When it comes to Tarantino, the world does not shrink. He is a movie theater owner who constantly is programming hits from across the globe. Aside from that, read his interviews, and Tarantino is heralding little-known movies from around the world as well. If you take the continent of Asia in particular, he made a love letter to its cinema in Kill Bill, and also worked with Miramax in the early 2000s to bring the movie Hero to America and to help get it a worldwide release.
Also, when it comes to the movies he makes, his numbers stack up pretty well against the diversity shown in Marvel. As Twitter user Greg Packnett points out on Twitter:
- Tarantino films with female protagonists: 5/10
- Marvel films with female protagonists: 4/30
- Tarantino films with non-white protagonists: 4/10
- Marvel films with non-white protagonists: 4/30
How Can Hollywood Get Better?
I am pointing out this thread because I think as artists we have to stop attacking each other and start looking at the systemic problems in the industry. We should be questioning why Disney is not taking chances on non-Marvel diverse titles. And also questioning why other studios are not doing the same.
The real culprit in the gatekeeping comes from the commerce side of Hollywood, not the art side. We have huge issues. As studios greenlight more and more superhero movies, they're leaving diverse auteurs and actors behind. And they're not even looking for them. They're canceling diverse writers' programs and initiatives in favor of greenlighting movies adapted from popular novels or tentpoles that can last decades.
They are not taking chances on movies by new voices who have something to say about the state of the world.
If we waste time and energy picking apart auteurs, we're going to miss the fact that studios are so concerned with the bottom line, they've stripped us of the ability to see diverse voices break in and grow.

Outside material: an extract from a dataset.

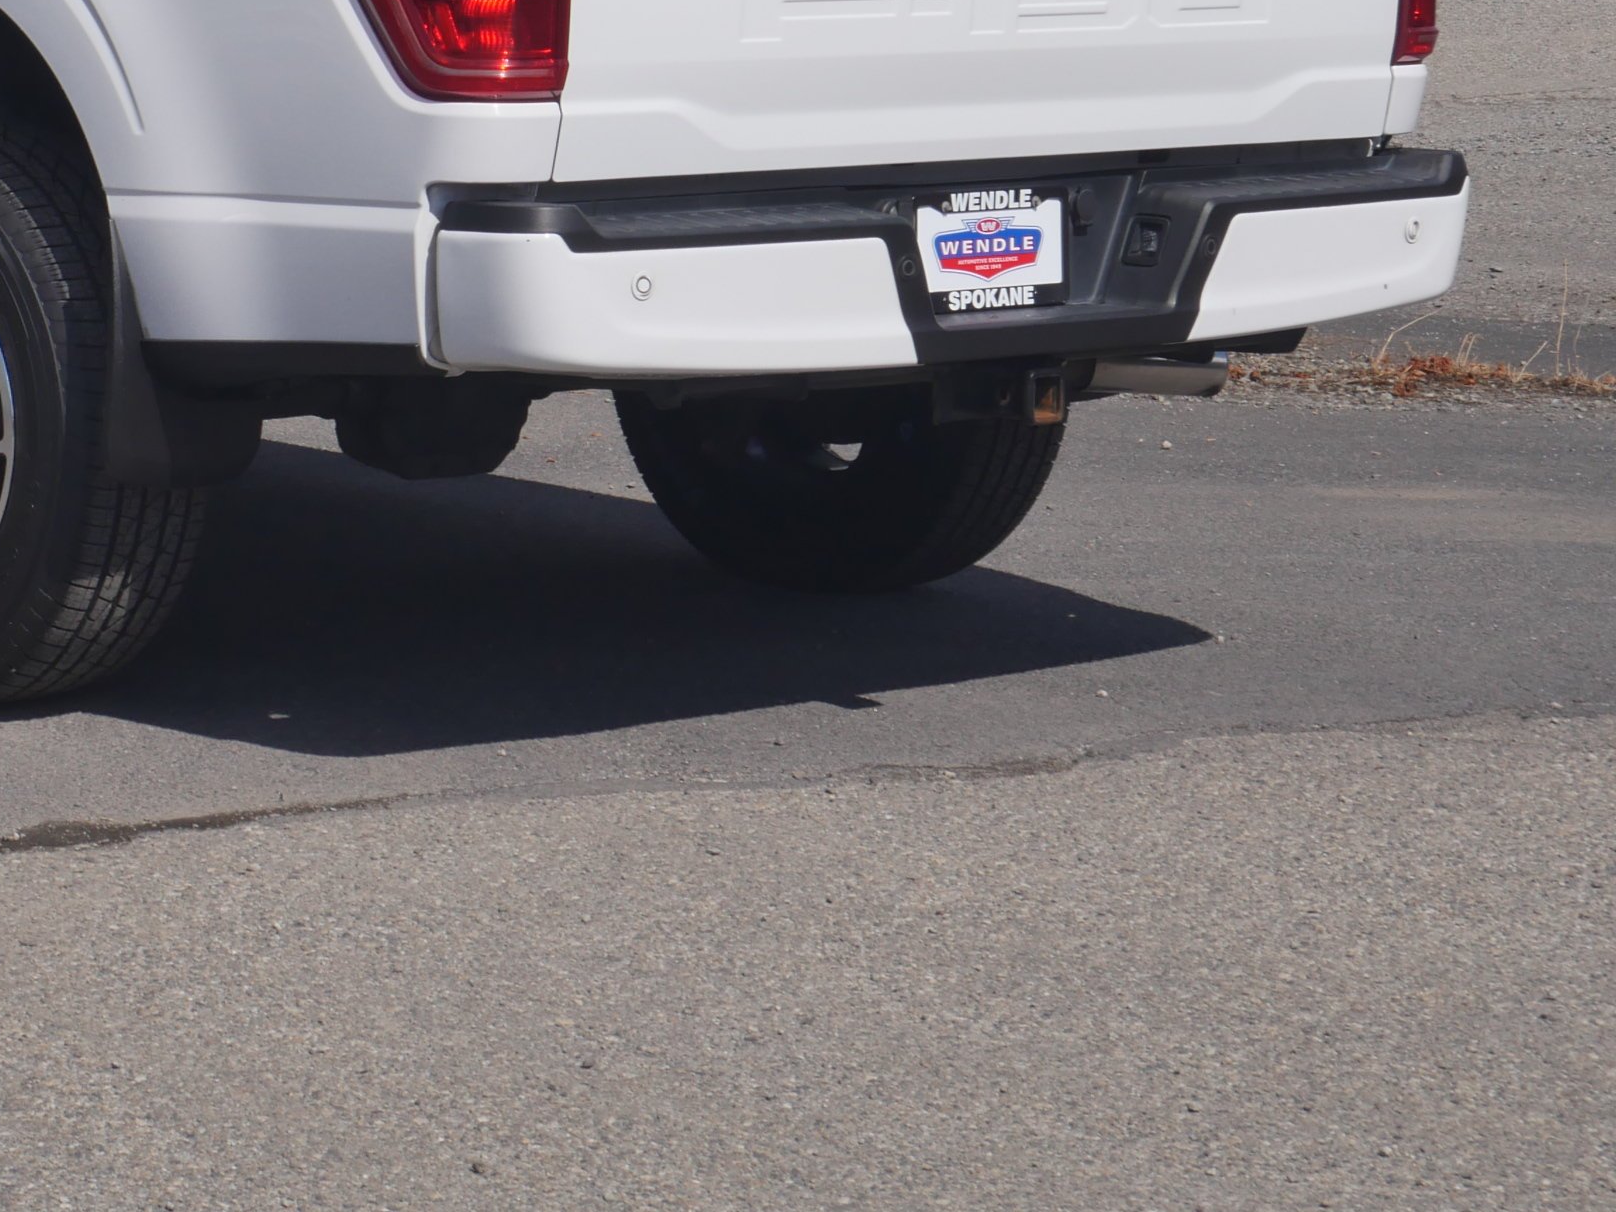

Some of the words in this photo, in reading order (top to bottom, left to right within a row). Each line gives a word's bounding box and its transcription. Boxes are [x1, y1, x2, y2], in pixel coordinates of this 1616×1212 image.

[951, 189, 1032, 212] WENDLE
[941, 236, 1034, 255] WENDLE
[948, 286, 1034, 311] SPOKANE

And they also create an insane double standard. Everything that's not white has to be a huge hit, or else there are consequences. Those consequences do not come from Scorsese or Tarantino, they come from cash-obsessed CEOs unwilling to foster a new generation of artists unless they play in the sanitary playground of four-quadrant intellectual property.
When was the last time a major studio made something like The Farewell or Moonlight?
Liu is right, old Hollywood was very white, and gatekeepers are an issue. But auteur filmmakers like Scorsese and Tarantino are not the bad guys. They're people keeping the art of this industry alive. They're trying to keep the magic in Hollywood, and we need way more people like them.
Until we attack the systemic reasons why Hollywood is sexist and racist, arguments between artists will be rendered moot. And the moneymen will continue to win at all our expense.